Peço bem-aventurança para os meus chegados, se ele não me dá nada talvez dê aos outros, e a felicidade dos outros traz-me sempre alguma felicidade. Mas mesmo assim nada acontece. Por isso digo sempre que o homem é que tem o poder de mudar o mundo acreditando ou não num ser supremo. Enfim talvez esse Deus não me compreenda, talvez não falemos a mesma língua. Era bom agora que ele aponta-se o dedo e num ato repreensivo para que não ousasse mais desconfiar da sua existência e pronunciasse repreensivamente: “ Hey Kid! It’s your lucky day, you’re gonna catch something big, man.

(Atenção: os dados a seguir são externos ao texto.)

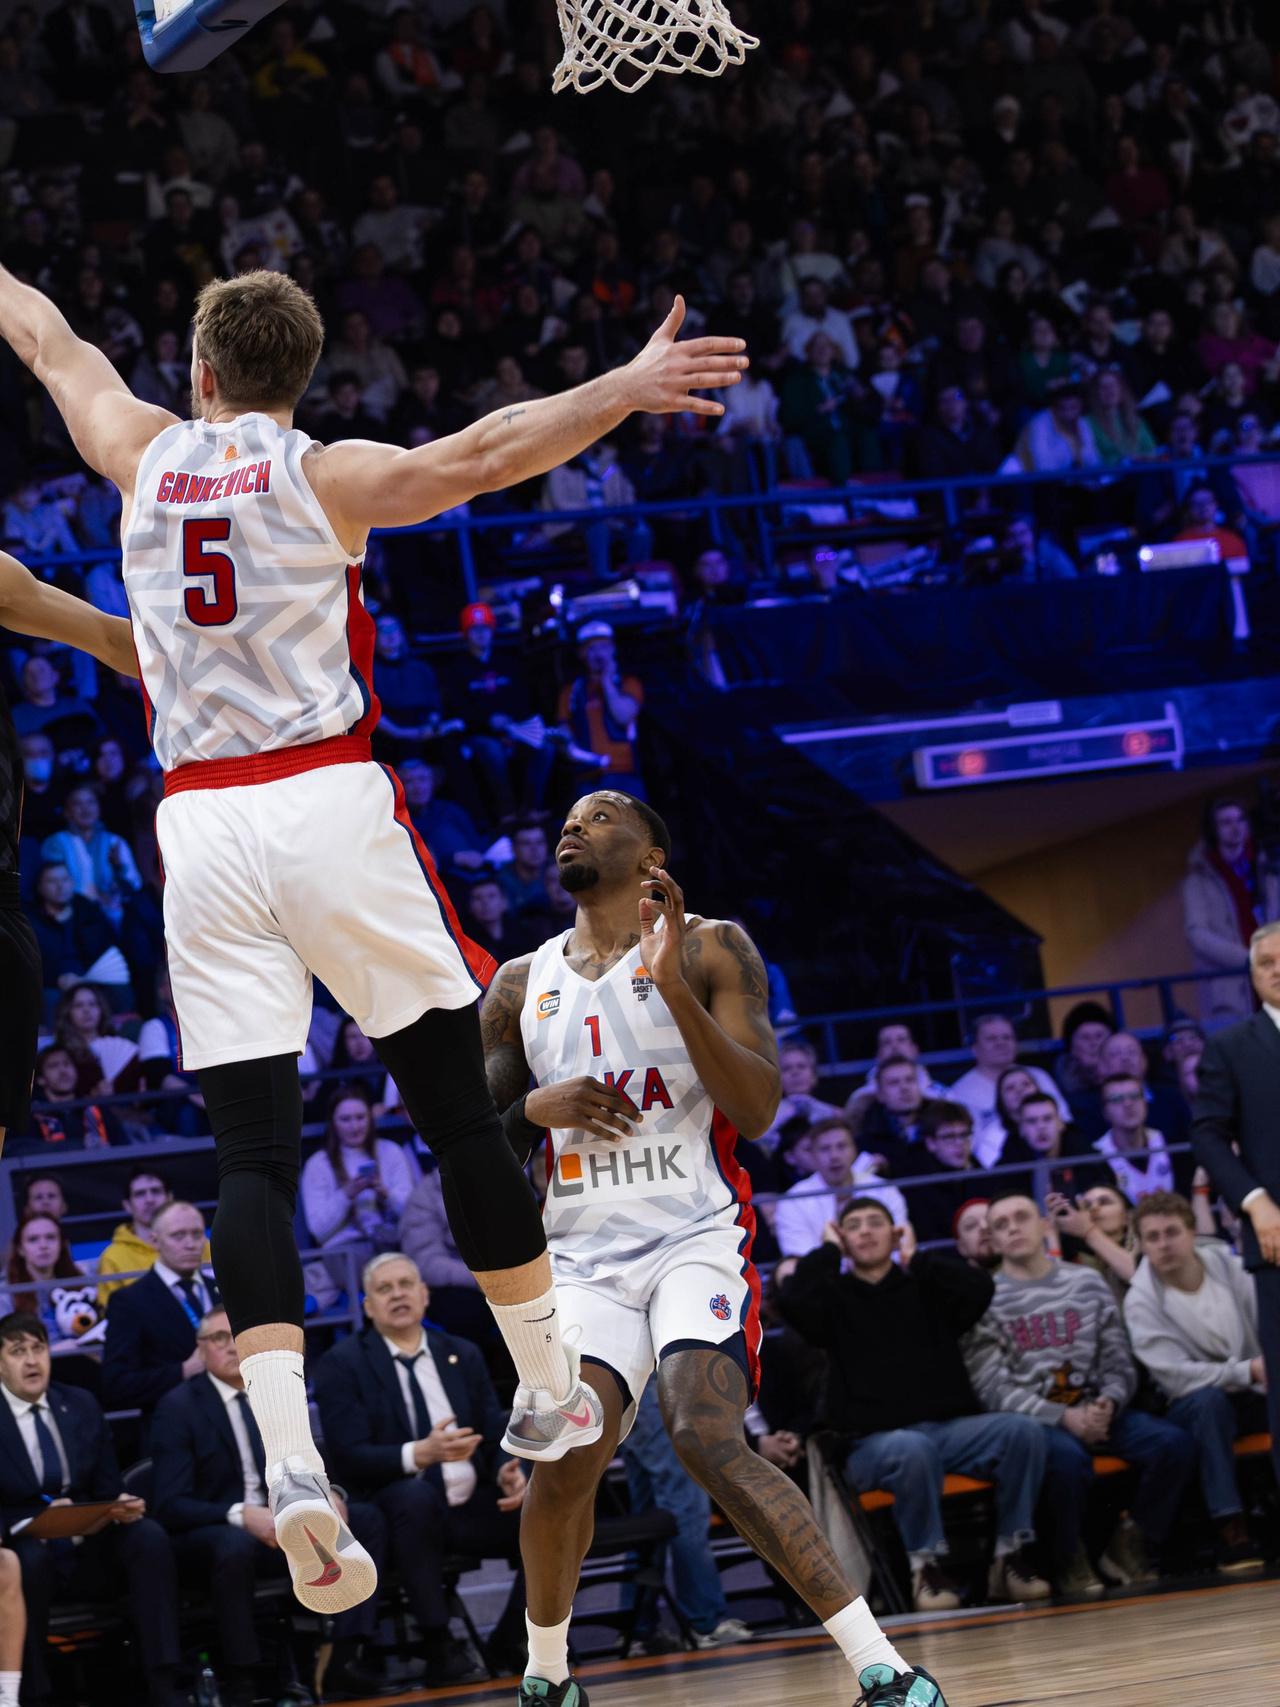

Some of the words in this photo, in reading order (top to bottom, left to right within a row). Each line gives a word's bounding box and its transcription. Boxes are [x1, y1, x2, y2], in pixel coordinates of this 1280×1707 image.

Olhei para a cana e vibrava mais uma vez freneticamente, estava lá algo agarrado agarrei na cana e recolhi a linha dando ao carreto, continuei a recolher pensativamente, talvez ele me tenha dado ouvidos. Mas a sorte desiludiu-me novamente porque apesar de lá estar um chicharro agarrado não pesava mais que um quilo e meio, nem sentira o puxão que não era forte o suficiente para constituir algo grande. Pus o chicharro de parte, com este peixe já eram dois naquela noite de pescaria em que já se contavam 3:20 da manha.